▼
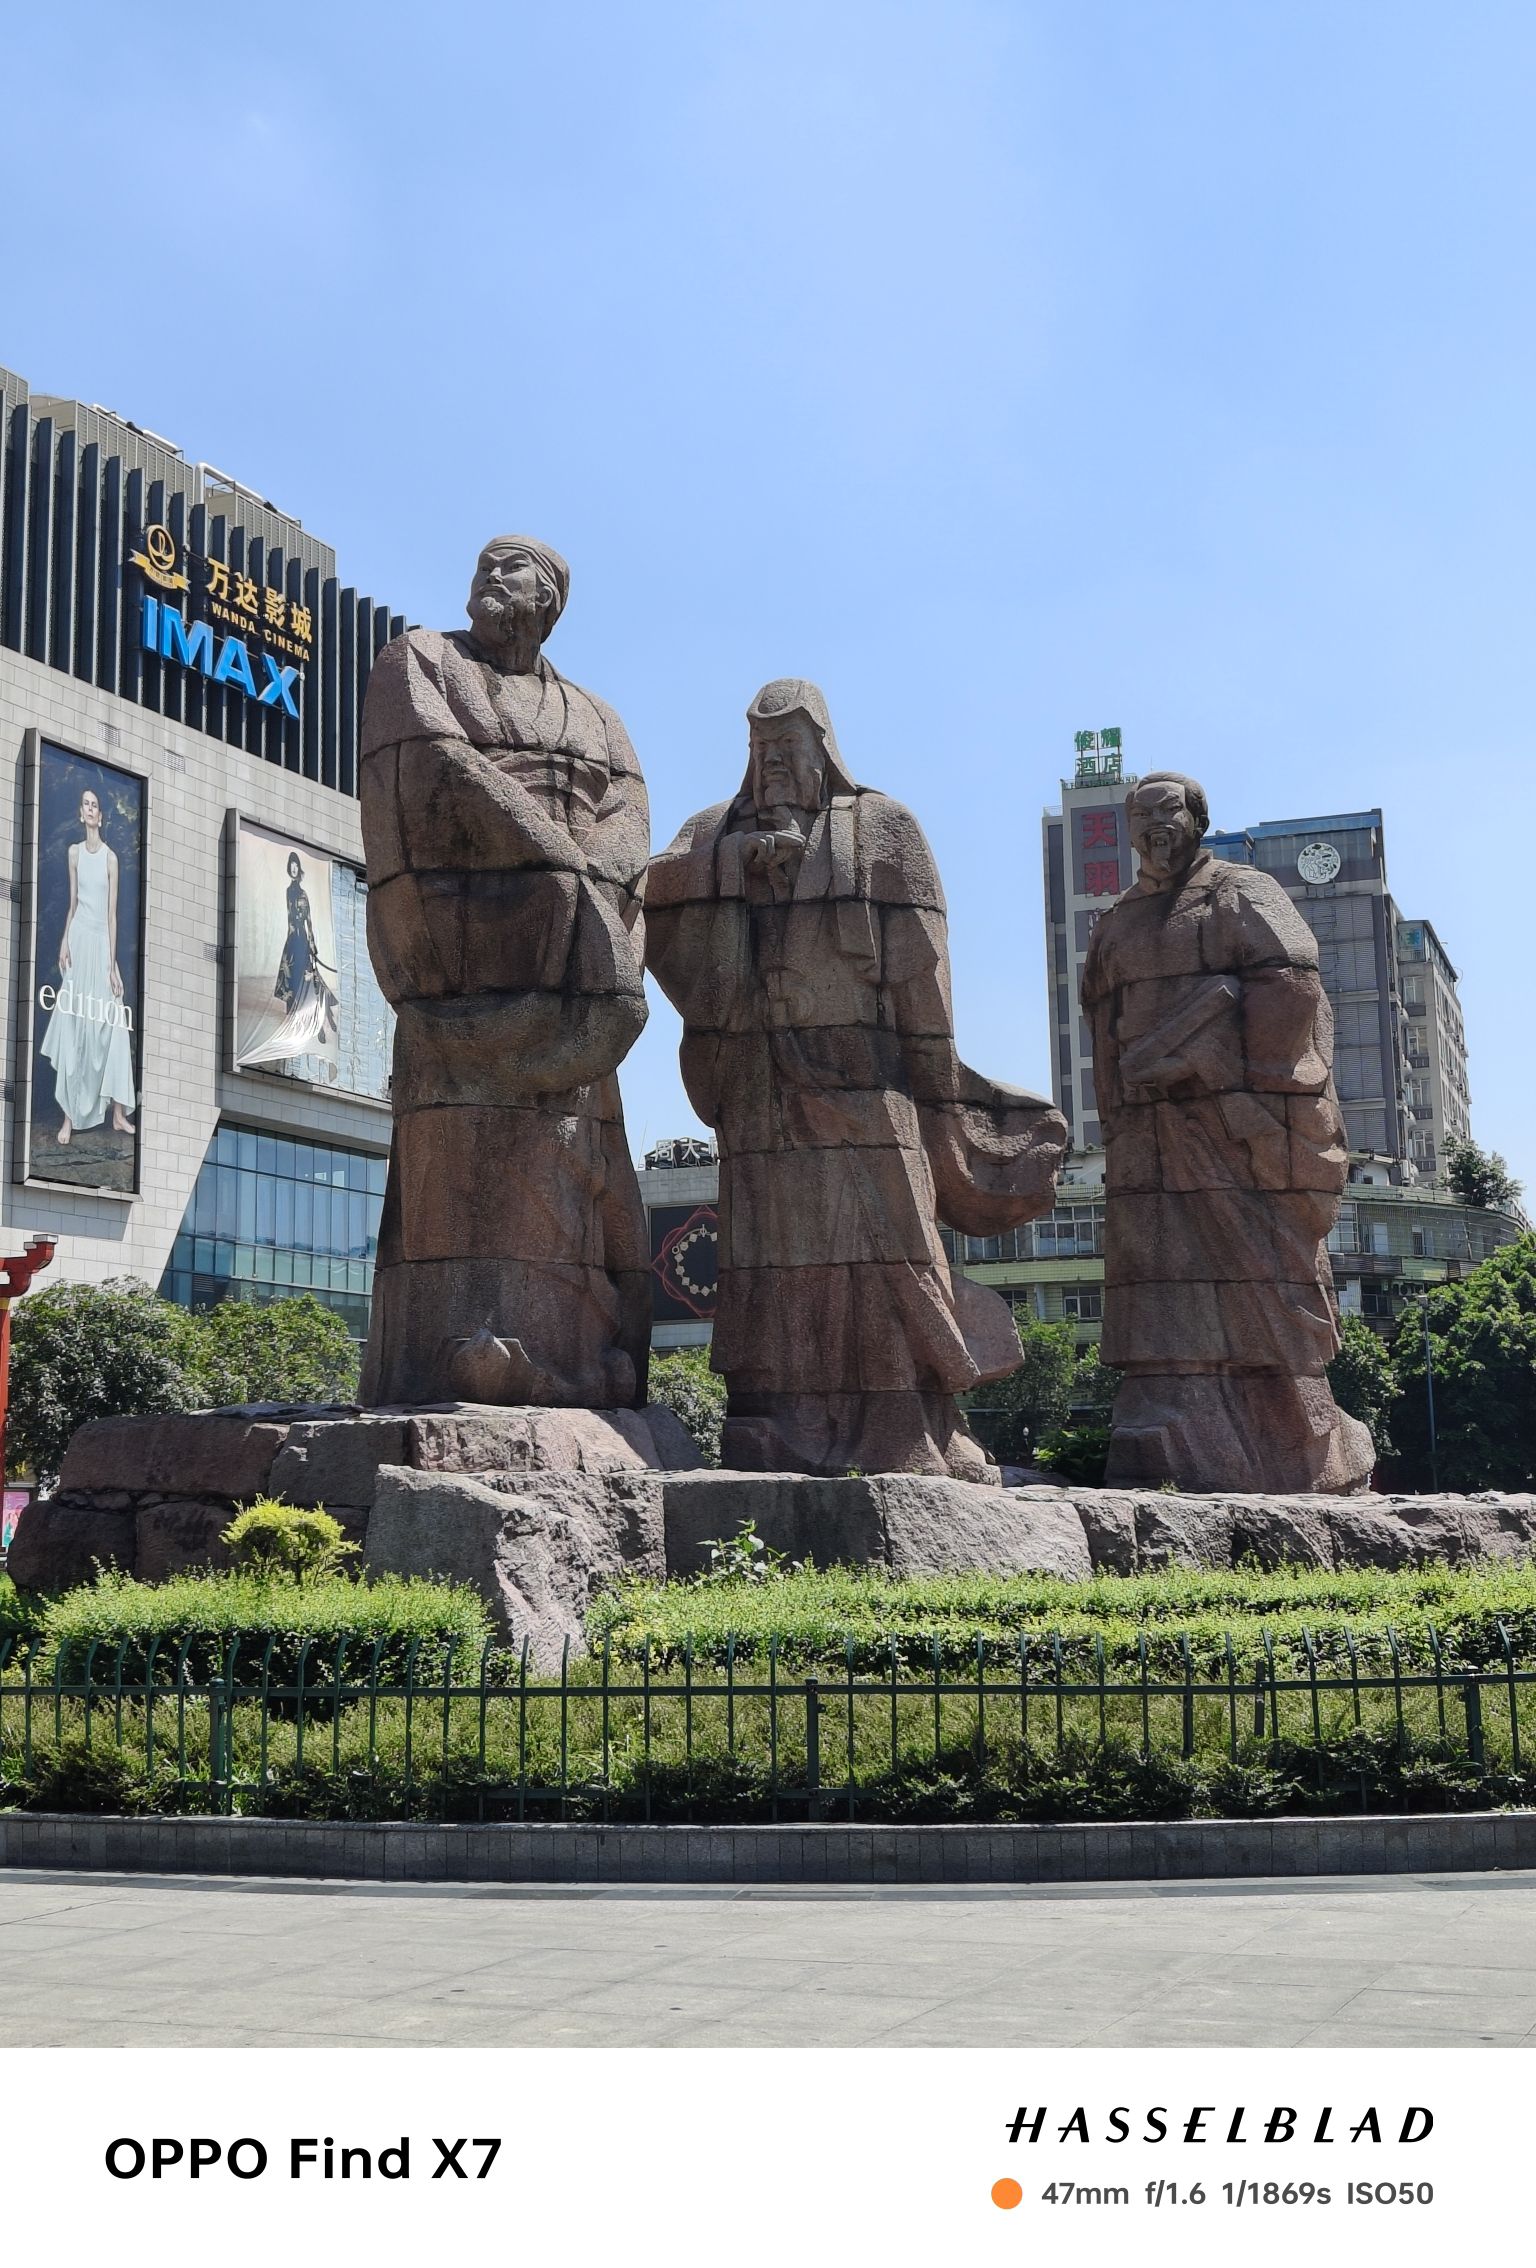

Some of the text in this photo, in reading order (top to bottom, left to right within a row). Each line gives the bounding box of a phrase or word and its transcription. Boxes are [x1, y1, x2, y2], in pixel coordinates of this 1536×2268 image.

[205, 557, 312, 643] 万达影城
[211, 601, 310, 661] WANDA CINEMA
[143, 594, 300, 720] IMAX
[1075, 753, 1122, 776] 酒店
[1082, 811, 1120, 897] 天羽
▲
- WHAT IS EXPECTED
Your task is a word-for-word transcription of the entries, leaving out all pictures.

- ANSWER FOR THE TASK
Some of the text in this photo, in reading order (top to bottom, left to right within a row). Each line gives the bounding box of a phrase or word and its transcription. Boxes are [x1, y1, x2, y2], in pixel coordinates of this 1536×2268 image.

[205, 557, 312, 643] 万达影城
[211, 601, 310, 661] WANDA CINEMA
[143, 594, 300, 720] IMAX
[1075, 753, 1122, 776] 酒店
[1082, 811, 1120, 897] 天羽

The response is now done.